Obese-turned siblings increased the likelihood of their sister or brother turning obese by 40 %, while in case of spouses, the rise was of 37 %. The "obesity contagion" also varied amongst sexes: in same-sex friendships, an obese fried rose by 71 % the vulnerability to obesity. An obese brother made a guy obese with a 44 % increased likelihood, while amongst sisters, the value was 67 %.

The new study focused on mindsets and attitudes as the controlling factors. "It's not that obese or non-obese people simply find other similar people to hang out with. Rather, there is a direct, causal relationship", Christakis said.

The researchers looked at environmental factors that could have affected the obesity levels: in this case, it shouldn't matter if individuals are mutual friends or just one individual names the other as a friend.

But if participants labeled an obese person as a friend, they appeared to be affected by that friend's obesity. But if the person did not label the first person as a friend, the "obesity contagion" was not present. "The fact that it only has an effect when I think you're my friend is very strongly suggestive to me. That's about as good as you can do in terms of identifying a causal relationship", said Watts.

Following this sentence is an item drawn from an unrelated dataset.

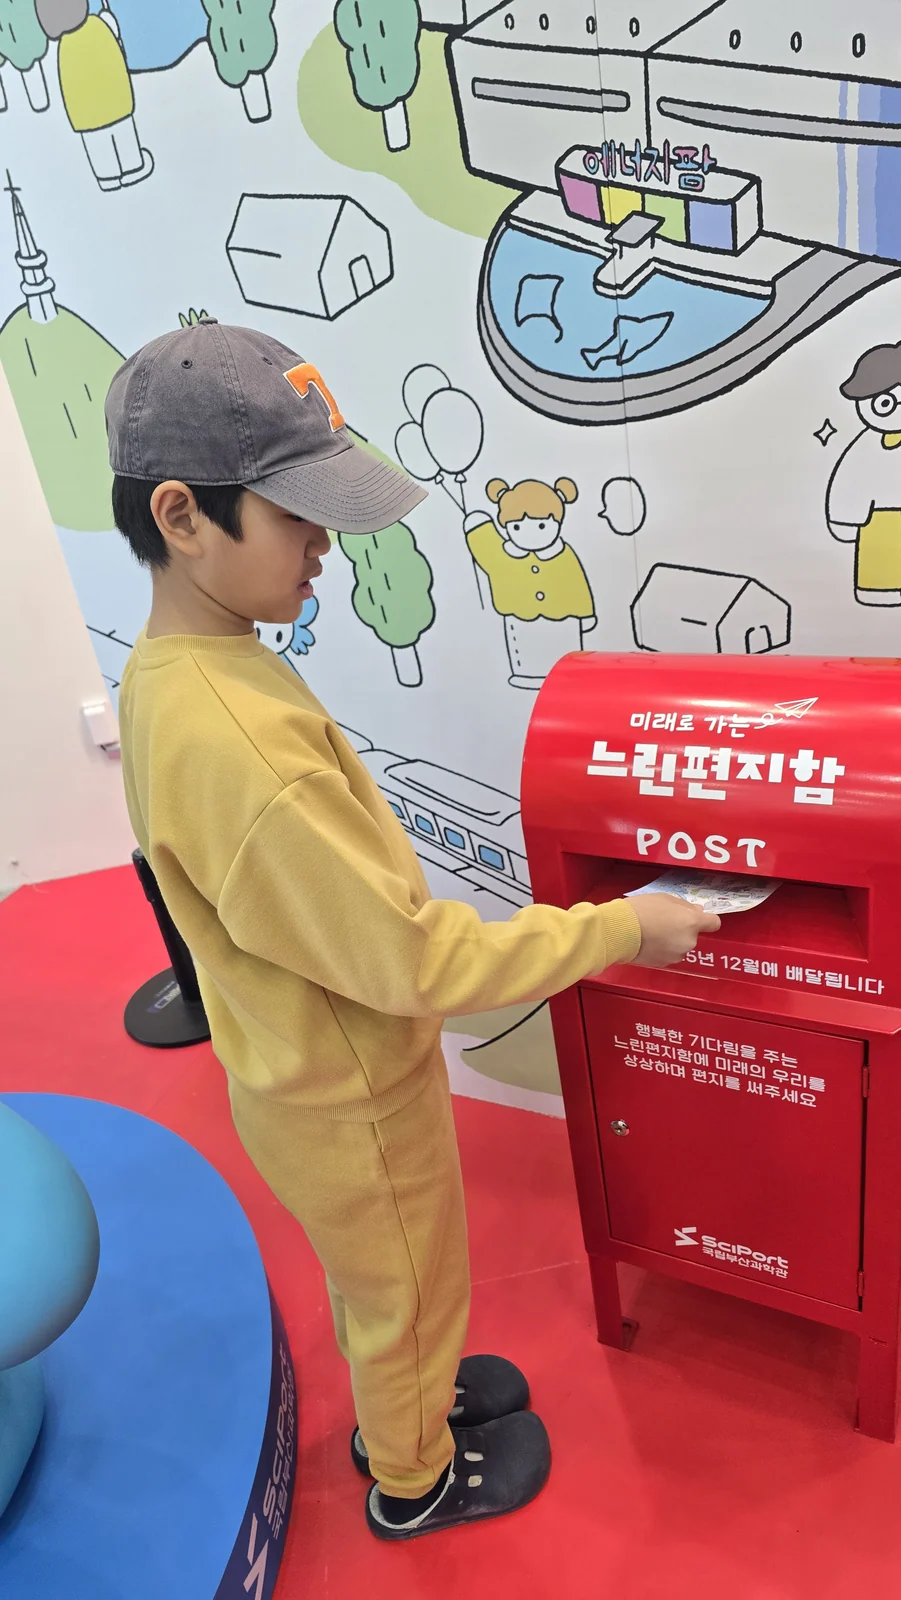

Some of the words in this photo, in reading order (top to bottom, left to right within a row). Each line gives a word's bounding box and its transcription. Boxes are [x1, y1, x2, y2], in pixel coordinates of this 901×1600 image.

Friends can hang out a lot together and eat similar foods, engaging in the same physical activities, but the research revealed that the geographic proximity of friends did not matter. "So friends that are thousands of miles away have just as large an impact on you as friends who are right next door," Fowler told LiveScience.

"What appears to be happening is that a person becoming obese most likely causes a change of norms about what counts as an appropriate body size. People come to think that it is OK to be bigger since those around them are bigger, and this sensibility spreads," said Christakis.